§ WORK ORDER
Without the pictures, set down the records below word for word.
DATA section start
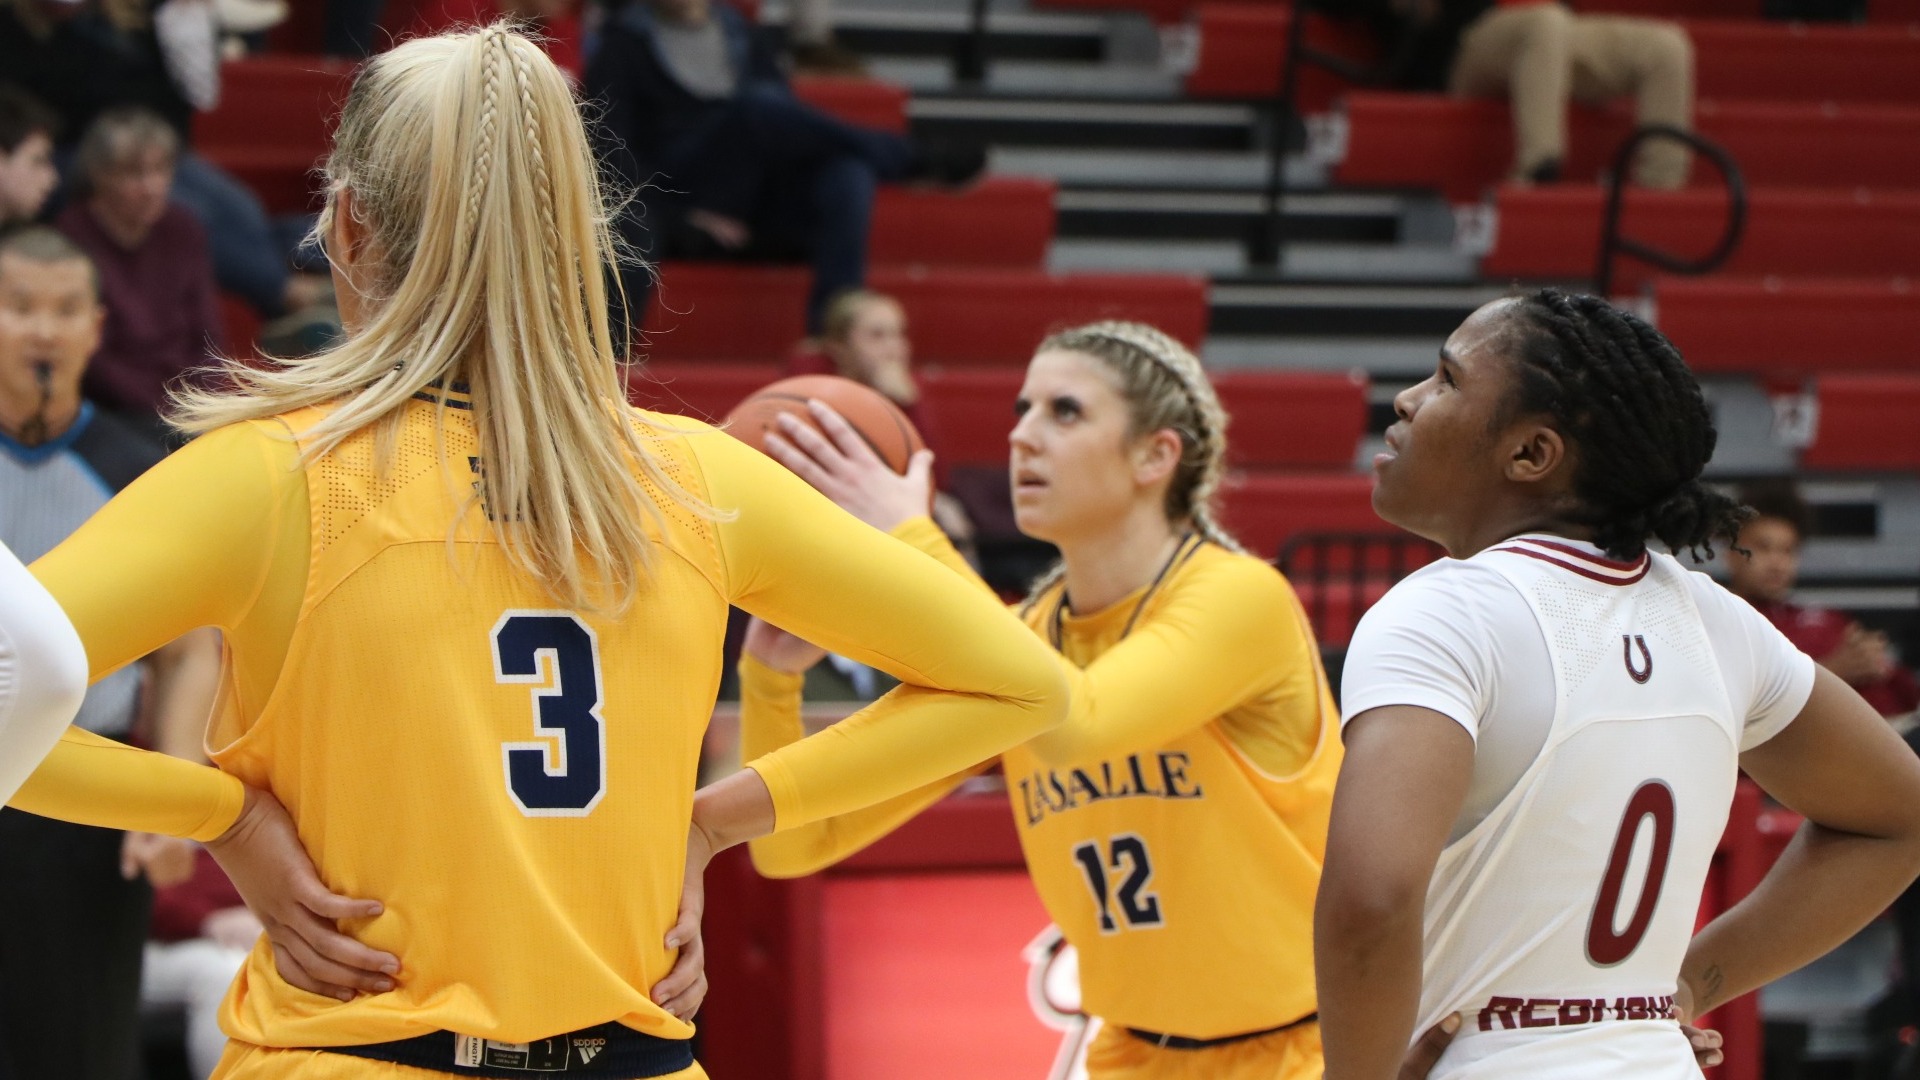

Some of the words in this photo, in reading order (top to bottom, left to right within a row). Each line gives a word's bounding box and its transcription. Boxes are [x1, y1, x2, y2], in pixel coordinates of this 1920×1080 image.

[489, 608, 606, 818] 3
[1073, 831, 1166, 937] 12
[1584, 777, 1677, 969] 0
[573, 1037, 606, 1048] adidas
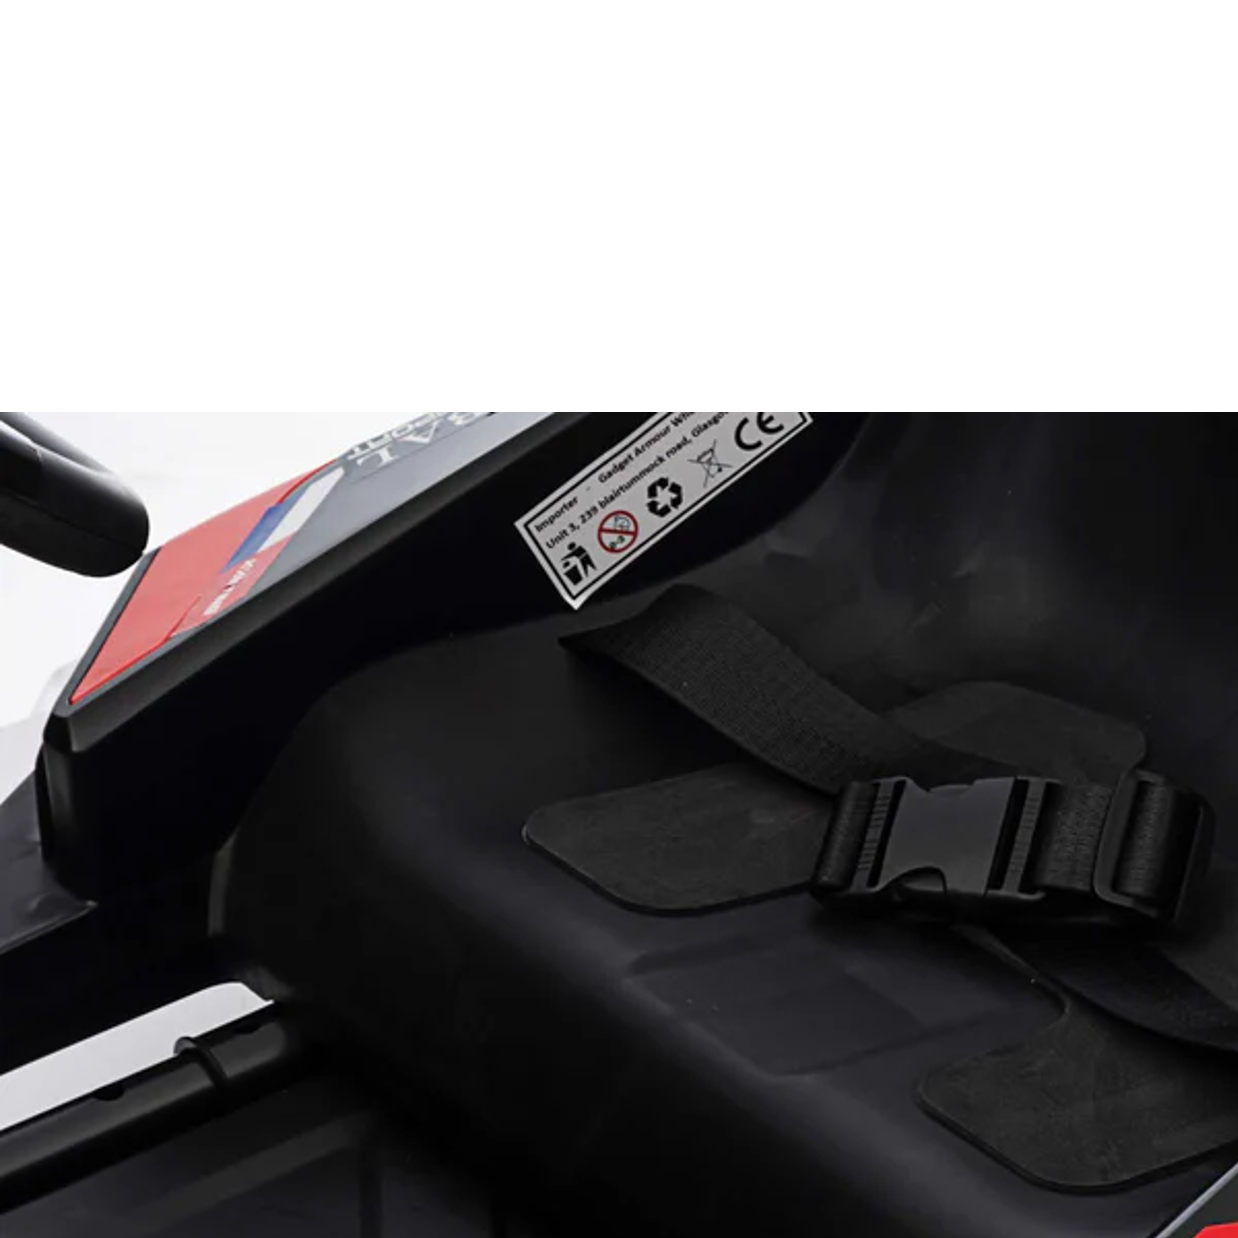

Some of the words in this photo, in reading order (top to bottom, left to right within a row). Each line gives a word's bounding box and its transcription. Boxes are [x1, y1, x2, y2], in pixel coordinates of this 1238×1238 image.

[545, 528, 569, 549] Unit
[578, 505, 599, 524] 239
[665, 436, 692, 459] road,
[691, 412, 729, 438] Glasgo
[598, 454, 634, 483] Gadget
[634, 425, 671, 457] Armour
[534, 497, 578, 533] Importer
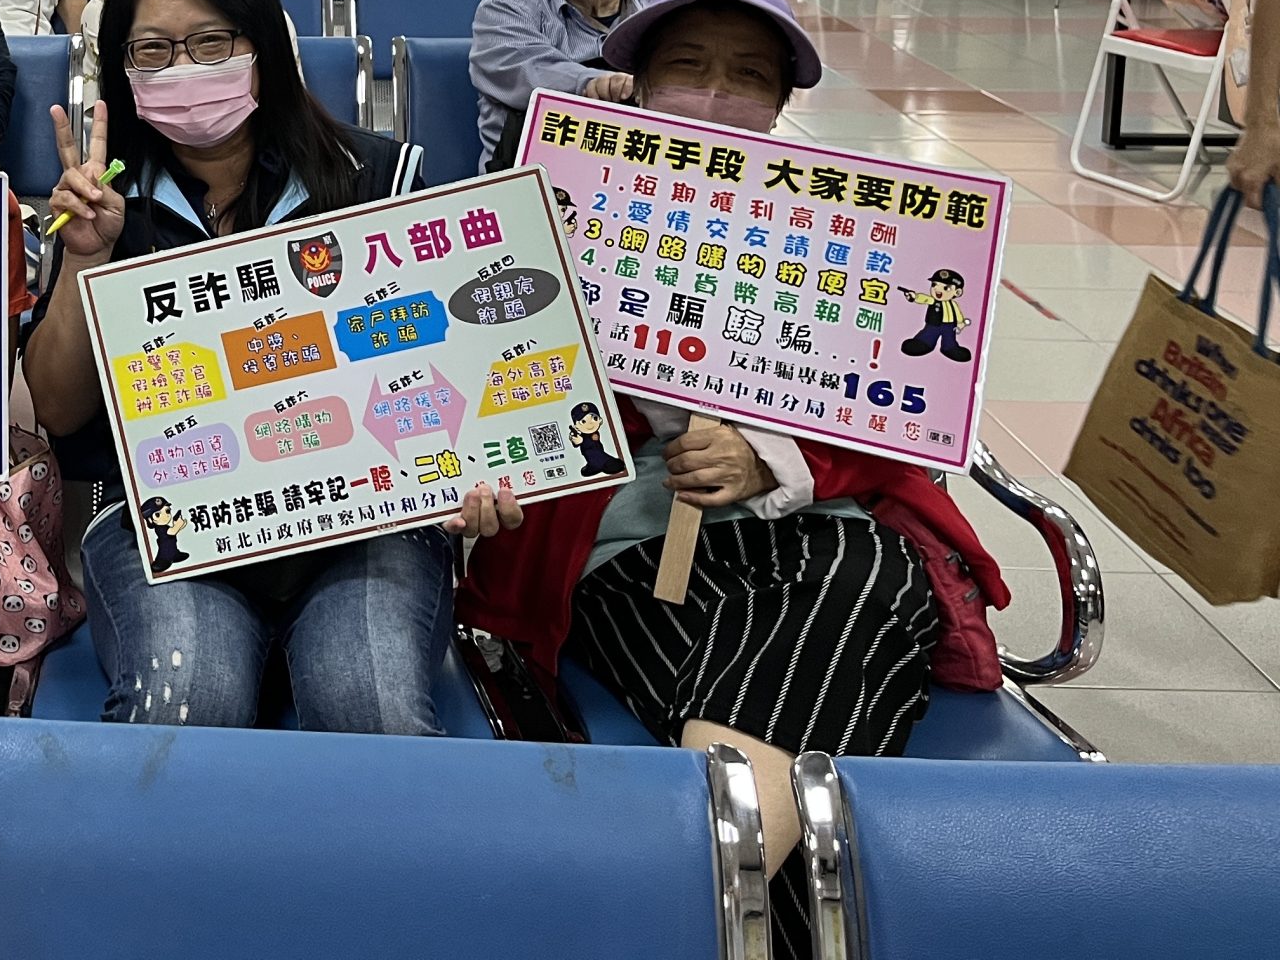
DATA section end
§ ANSWER FOR THE TASK
Some of the words in this photo, in reading order (top to bottom, left to right within a row). Each line gives a word's bounding box and its transcription. Boxes are [x1, y1, x2, y2], in pixel coordinates of this 1920×1080 image.

[489, 608, 606, 818] 3
[1073, 831, 1166, 937] 12
[1584, 777, 1677, 969] 0
[573, 1037, 606, 1048] adidas

Some of the words in this photo, in reading order (top to bottom, left to right within a row). Each line gives a word's bounding box and its transcription. Boxes are [x1, y1, x2, y2], in pixel coordinates of this 1238×1238 image.

[545, 528, 569, 549] Unit
[578, 505, 599, 524] 239
[665, 436, 692, 459] road,
[691, 412, 729, 438] Glasgo
[598, 454, 634, 483] Gadget
[634, 425, 671, 457] Armour
[534, 497, 578, 533] Importer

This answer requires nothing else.